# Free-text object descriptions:

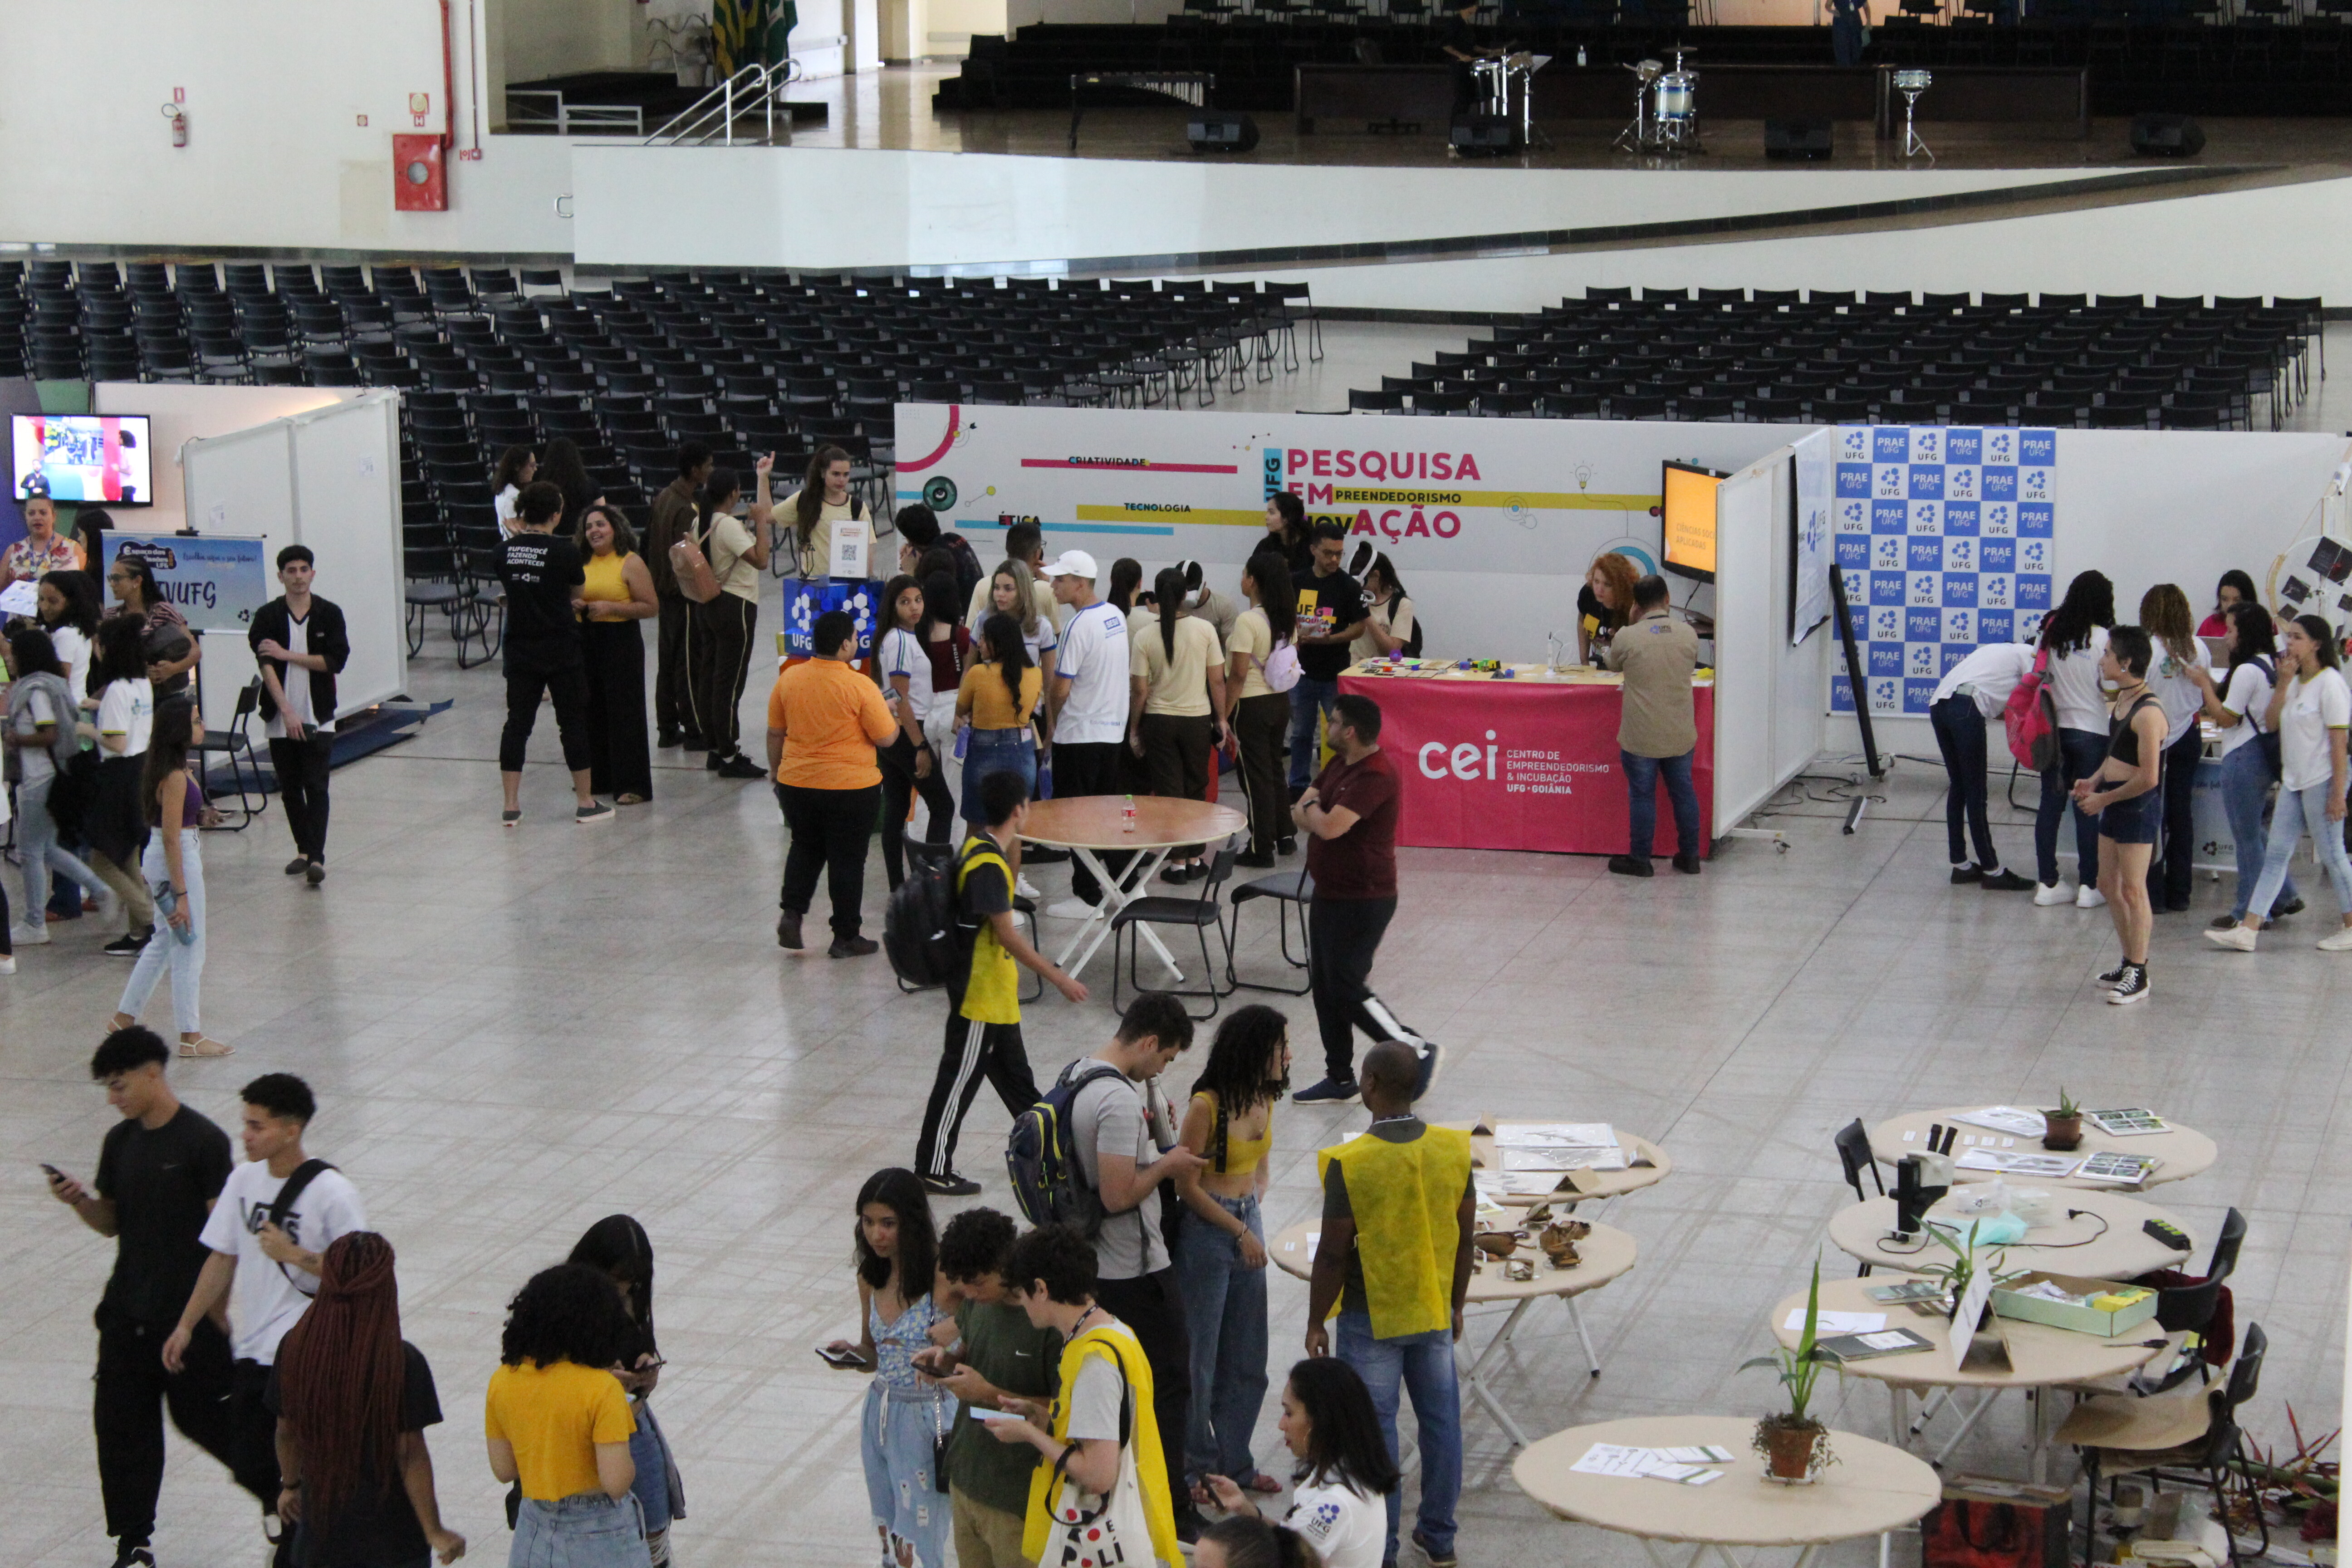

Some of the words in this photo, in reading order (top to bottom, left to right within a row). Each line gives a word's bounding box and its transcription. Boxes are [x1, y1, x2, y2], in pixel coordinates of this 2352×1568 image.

[1878, 437, 1905, 446] PRAE
[1951, 439, 1977, 448] PRAE
[2024, 441, 2051, 449] PRAE
[1068, 456, 1146, 466] CRIATIVIDADE
[1288, 449, 1481, 482] PESQUISA
[1841, 473, 1867, 481] PRAE
[1913, 474, 1940, 483] PRAE
[1986, 476, 2013, 485] PRAE
[1336, 490, 1461, 503] PREENDEDORISMO
[1124, 503, 1191, 513] TECNOLOGIA
[1876, 509, 1903, 518] PRAE
[1949, 511, 1975, 519] PRAE
[2022, 512, 2049, 521] PRAE
[1676, 523, 1701, 536] CIÊNCIAS
[1676, 536, 1706, 550] APLICADAS
[508, 546, 548, 554] #UFGEVOCÊ
[1839, 544, 1866, 553] PRAE
[1911, 546, 1938, 554] PRAE
[1984, 547, 2011, 556] PRAE
[507, 559, 544, 567] ACONTECER
[1875, 580, 1901, 589] PRAE
[1947, 582, 1974, 591] PRAE
[2019, 584, 2047, 593] PRAE
[1910, 617, 1936, 625] PRAE
[1982, 619, 2009, 627] PRAE
[793, 634, 812, 651] UFG
[952, 644, 960, 671] PANTONE
[1873, 652, 1900, 660] PRAE
[1945, 653, 1967, 662] PRA
[1419, 730, 1498, 780] cei
[1507, 750, 1544, 759] CENTRO
[1547, 751, 1560, 760] DE
[1507, 761, 1609, 773] EMPREENDEDORISMO
[1517, 773, 1571, 783] INCUBAÇÃO
[1532, 784, 1572, 794] GOIÂNIA
[1312, 1517, 1331, 1533] UFG
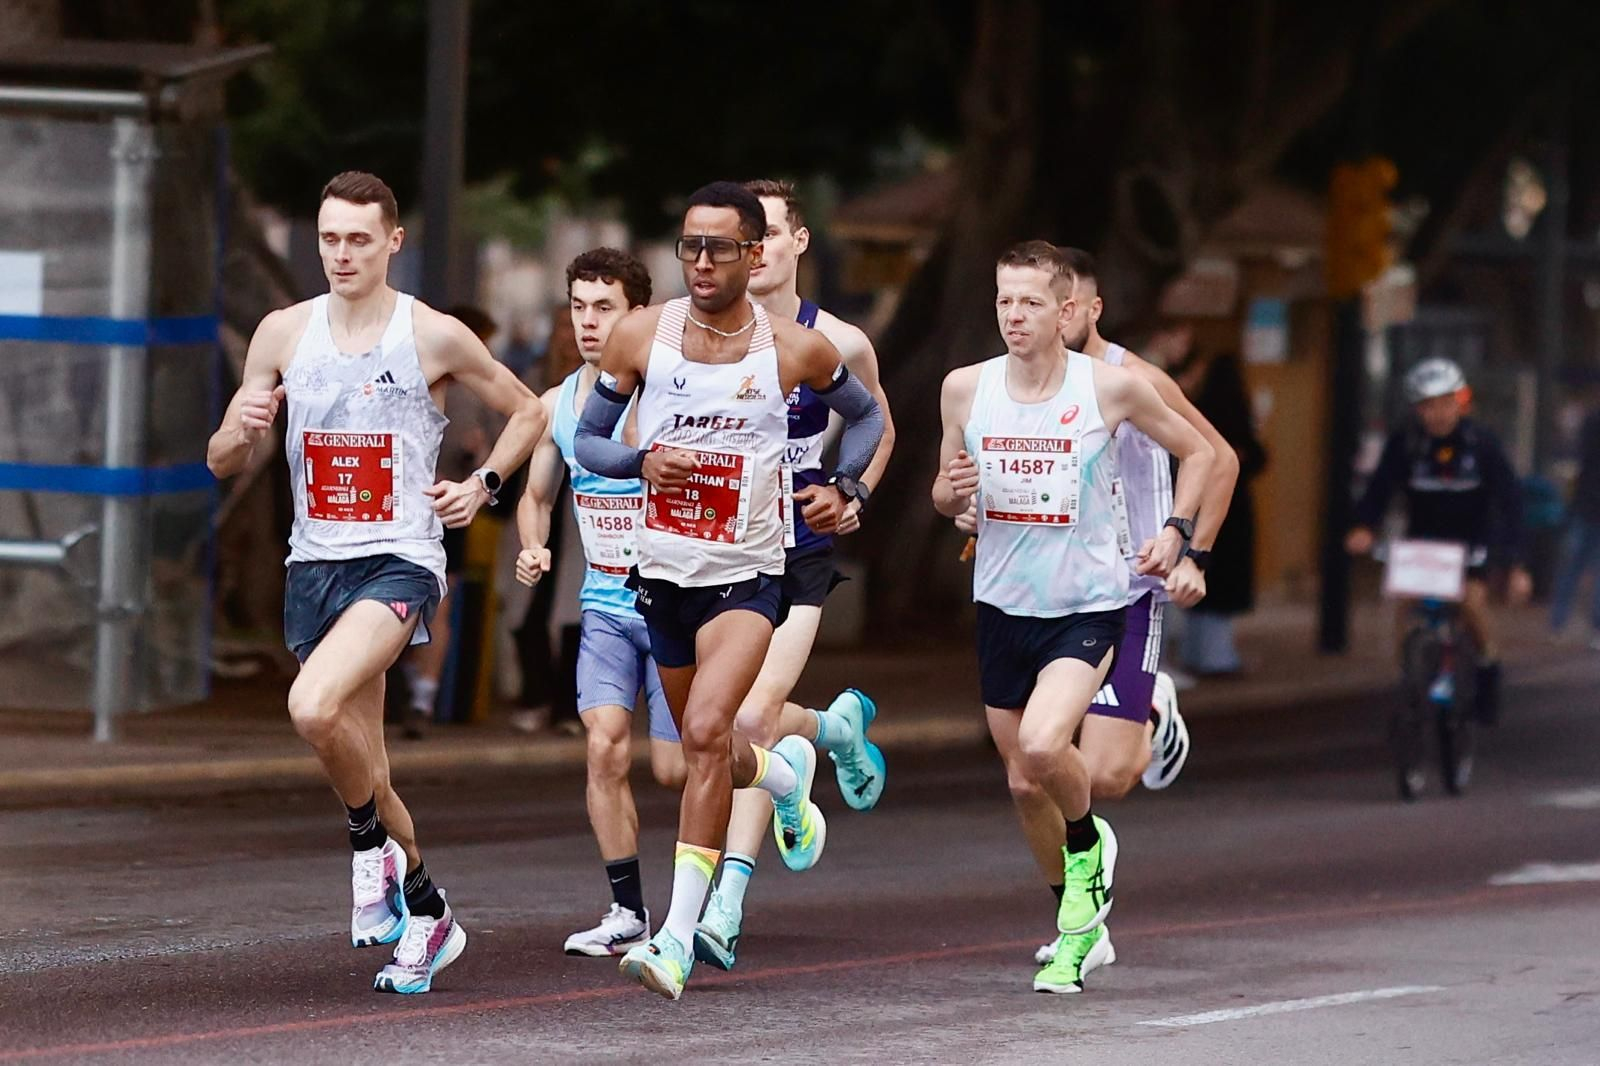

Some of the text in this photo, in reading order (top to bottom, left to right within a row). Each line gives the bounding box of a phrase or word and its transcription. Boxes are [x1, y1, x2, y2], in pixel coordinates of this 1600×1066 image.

[376, 386, 407, 396] MARTIN
[673, 413, 748, 430] TARGET
[323, 434, 386, 448] GENERALI
[1005, 439, 1064, 452] GENERALI
[331, 456, 360, 467] ALEX
[698, 452, 737, 468] ERALI
[999, 459, 1055, 474] 14587
[338, 473, 353, 485] 17
[686, 473, 724, 487] ATHAN
[685, 489, 699, 501] 18
[590, 498, 639, 509] GENERALI
[589, 515, 633, 531] 14588
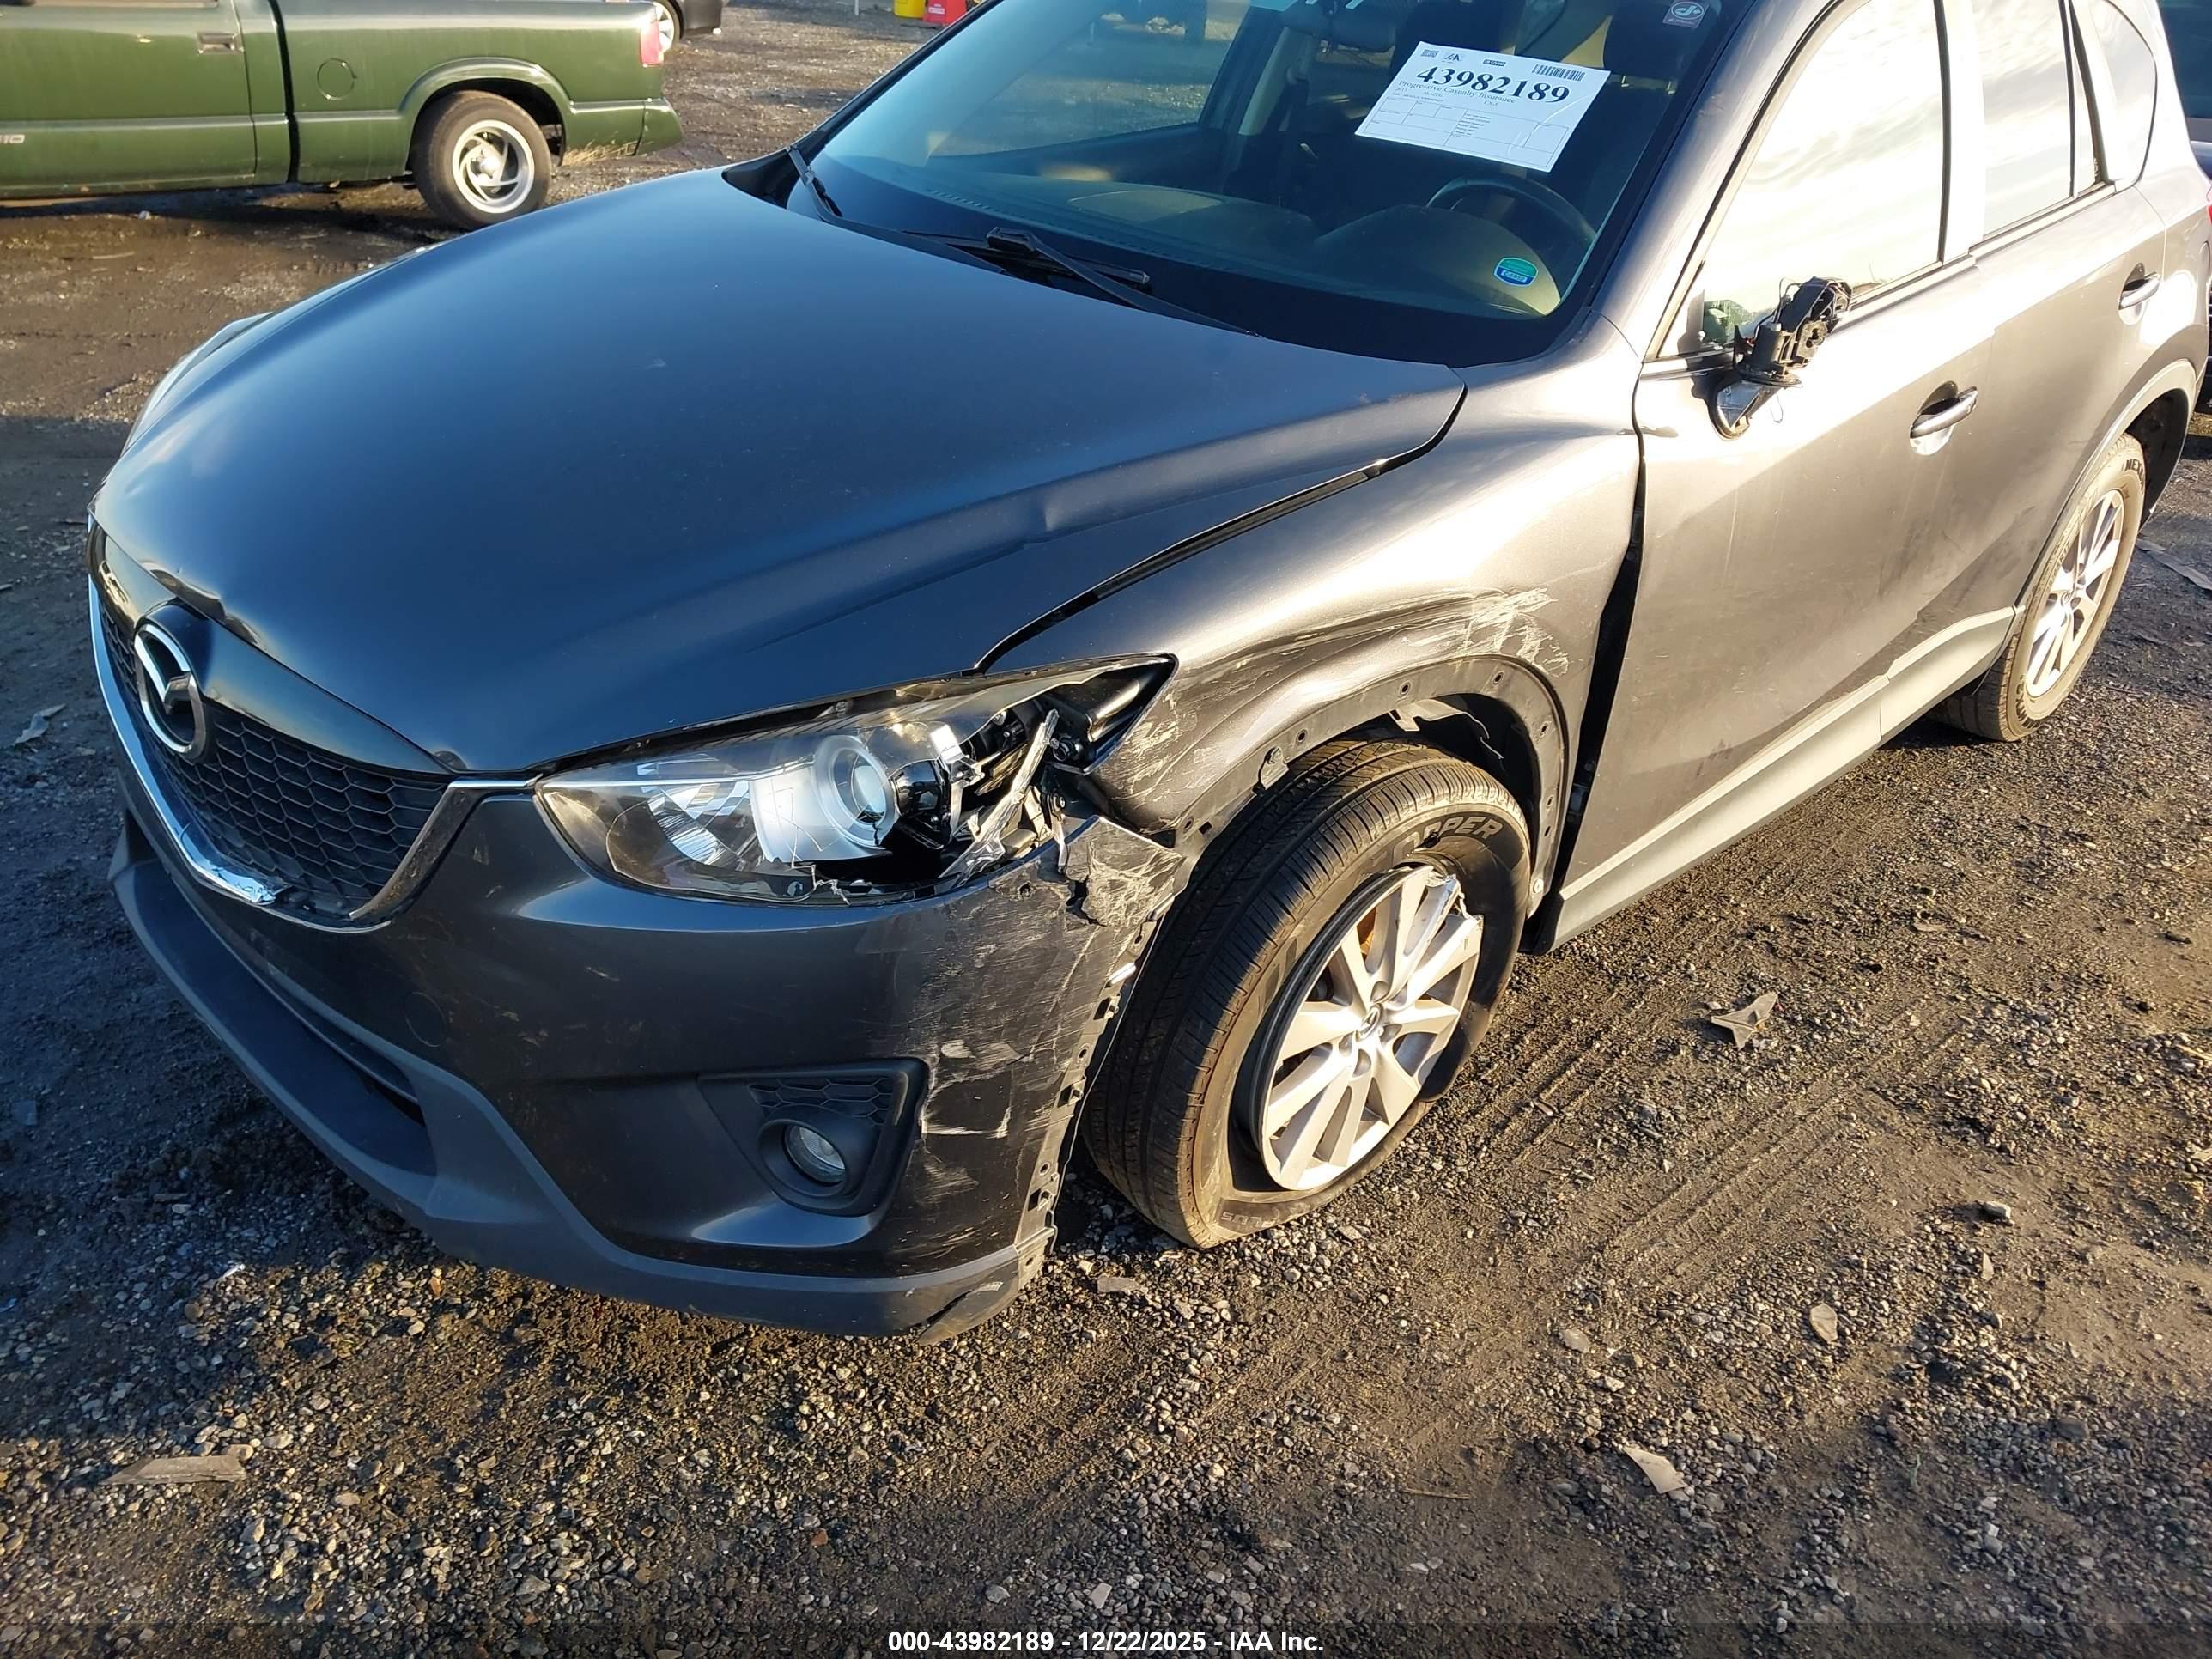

# Your objective:
Nothing but the lines from the one containing "Some of the text" through the last line of the data should appear in the answer, copied exactly, with pictures excluded.

# Solved problem:
Some of the text in this photo, in reading order (top to bottom, left to right within a row). Each line gives the bounding box of a phrase or word and its transcription. Boxes are [x1, y1, x2, y2], in pixel coordinates of this 1600×1066 image.

[376, 386, 407, 396] MARTIN
[673, 413, 748, 430] TARGET
[323, 434, 386, 448] GENERALI
[1005, 439, 1064, 452] GENERALI
[331, 456, 360, 467] ALEX
[698, 452, 737, 468] ERALI
[999, 459, 1055, 474] 14587
[338, 473, 353, 485] 17
[686, 473, 724, 487] ATHAN
[685, 489, 699, 501] 18
[590, 498, 639, 509] GENERALI
[589, 515, 633, 531] 14588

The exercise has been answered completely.